Following a two-year wait, pharmaceutical company Insys has been awarded Schedule II approval by the DEA for their synthetic-cannabis pill, Syndros. The THC pill will now be used to help cancer patients battle nausea and vomiting as a result of chemotherapy.
But while the pharmaceutical industry celebrates the DEA sponsored breakthrough in their ability to profit off of THC, cannabis industry insiders aren’t quite as hyped. Kevin Gallagher, director of compliance in government affairs at Colorado extract company Craft Concentrates and a board member of the Cannabis Business Alliance, had harsh words for Insys and their foray into THC.
"It doesn't really surprise me…. It's typical big pharma," Gallagher told reporters from Westword. "This pharmaceutical company also produces fentanyl. You can see where that company lies. They don't care at all about cannabis, right? This drug isn't even derived from cannabis; it's derived from dronabinol. It just seems like they're trying to compete to make a more concentrated form, so they don't want Arizona and other [states] to have legal cannabis because they don't want to compete with real cannabis. They just want patients to take their drug that was cooked up in a lab that has nothing to do with cannabis.”
Also frustrated with the DEA’s scheduling decision, Tom Angell, founder of the Marijuana Majority, used his daily newsletter to point out that Insys donated half a million dollars to help kill this past November’s recreational marijuana proposition in the pharmaceutical company’s home-state of Arizona.
For Gallagher, who has worked in Colorado’s cannabis industry for years and spent time budtending, the idea that a THC-pill is better suited to treat cancer patients than the myriad of options available at a Colorado dispensary is ludicrous.
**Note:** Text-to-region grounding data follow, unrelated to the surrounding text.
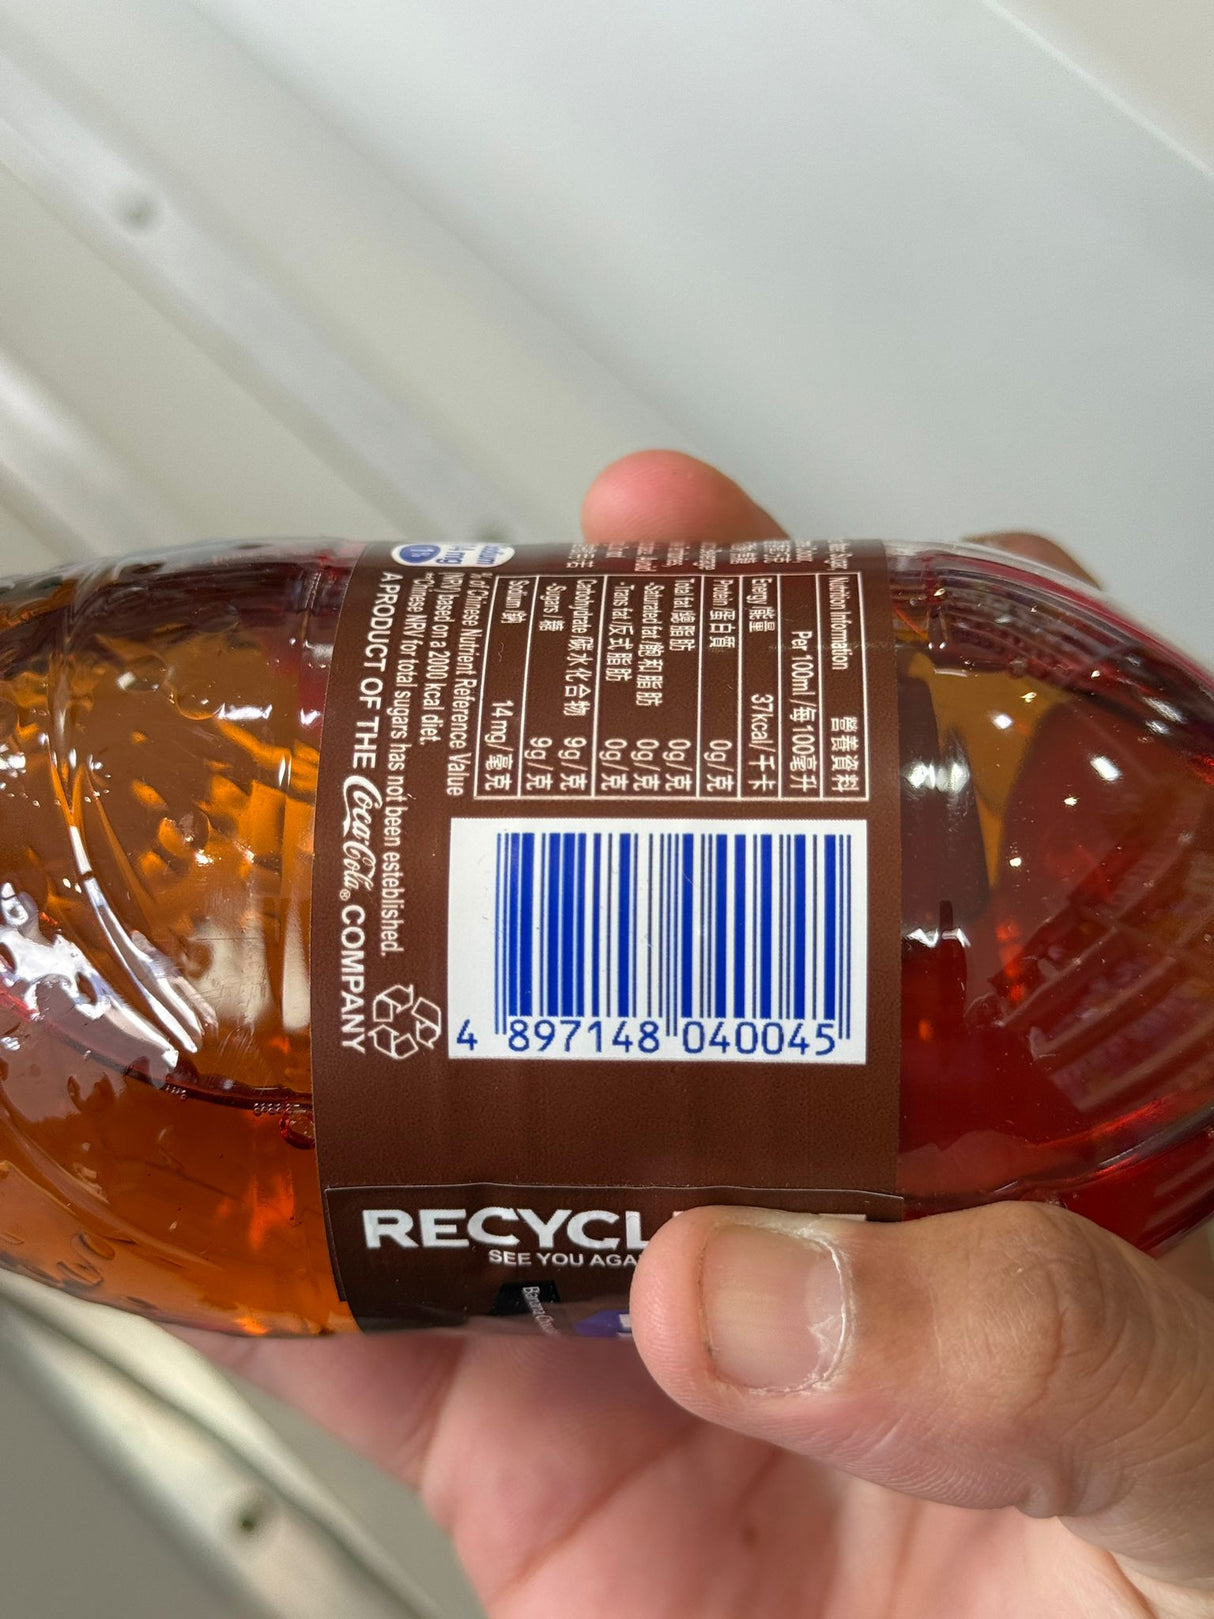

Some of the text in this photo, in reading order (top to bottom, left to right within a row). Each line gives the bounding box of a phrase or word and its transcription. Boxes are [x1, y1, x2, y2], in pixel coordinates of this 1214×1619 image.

[381, 571, 403, 582] A
[469, 579, 490, 590] of
[673, 578, 696, 597] Total
[712, 578, 734, 607] Protein
[746, 577, 773, 605] Energy
[462, 589, 490, 627] Chinese
[505, 580, 530, 608] Sodium
[568, 579, 598, 634] Carbohydrate
[641, 581, 666, 624] -Saturated
[672, 597, 695, 610] fat
[828, 577, 849, 611] Nutrition
[363, 584, 401, 672] PRODUCT
[402, 615, 428, 638] NRV
[611, 608, 634, 621] fat
[400, 639, 424, 656] for
[641, 624, 663, 640] fat
[791, 630, 813, 650] Per
[830, 611, 853, 671] Information
[419, 572, 466, 747] (NRV) based on a 2000 kcal diet.
[456, 628, 483, 676] Nutrient
[395, 659, 420, 687] total
[791, 655, 816, 697] 100ml
[359, 678, 384, 710] OF
[386, 691, 412, 739] sugars
[449, 678, 478, 750] Reference
[353, 716, 379, 769] THE
[388, 743, 412, 771] has
[830, 716, 860, 792] 營養資料
[386, 776, 409, 802] not
[446, 752, 472, 797] Value
[384, 807, 409, 847] been
[340, 905, 366, 1054] COMPANY
[456, 1019, 836, 1056] 4 897148 040045
[362, 1206, 685, 1250] RECYCL
[488, 1250, 532, 1267] SEE
[536, 1251, 584, 1267] YOU
[522, 1286, 546, 1315] Banana
"When I was working [at a dispensary], I got to see a lot of cancer patients. These cancer patients really loved getting a mixture of CBD and THC — they would smoke it for immediate relief but take various edibles, tinctures, what have you, to really get their body feeling well," Gallagher told Westword. "You get that body high. You get that body release. You get that pain relief. In my experience, with cancer patients, they would come in, and some would be in for the first time. They couldn't keep anything down, they're going through chemotherapy, and they try cannabis for the first time. They come back a few days later and you can see there's a smile on their face for the first time in however many weeks or months. They can actually start eating again. The nausea is much less severe, so you can really see how it really changed their lives."
But with cannabis lingering as a Schedule I narcotic and an executive branch that seems hell-bent on letting it remain there, Insys and their big pharma peers are only getting started in their plans for a cannabis takeover. On the Insys website, a drug in development will use cannabidiol (CBD) to treat childhood epilepsy – something that is already being produced by medical marijuana entrepreneurs in legal states around the country. Thankfully, cannabis has one benefit that most pharmaceuticals don’t; you can grow your own.
For Gallagher, that’s a saving grace in the fight for a marijuana industry that still, y’know, uses real marijuana.
"They can just make a lot of these products at their homes," Gallagher said. "They don't need to go to a doctor or go to a pharmacy to get a prescription. They can truly make a lot of this at home….this is a completely unique substance that is so readily available, and it's so easy to take advantage of its healing nature, so it'll be very interesting to see how that plays out.”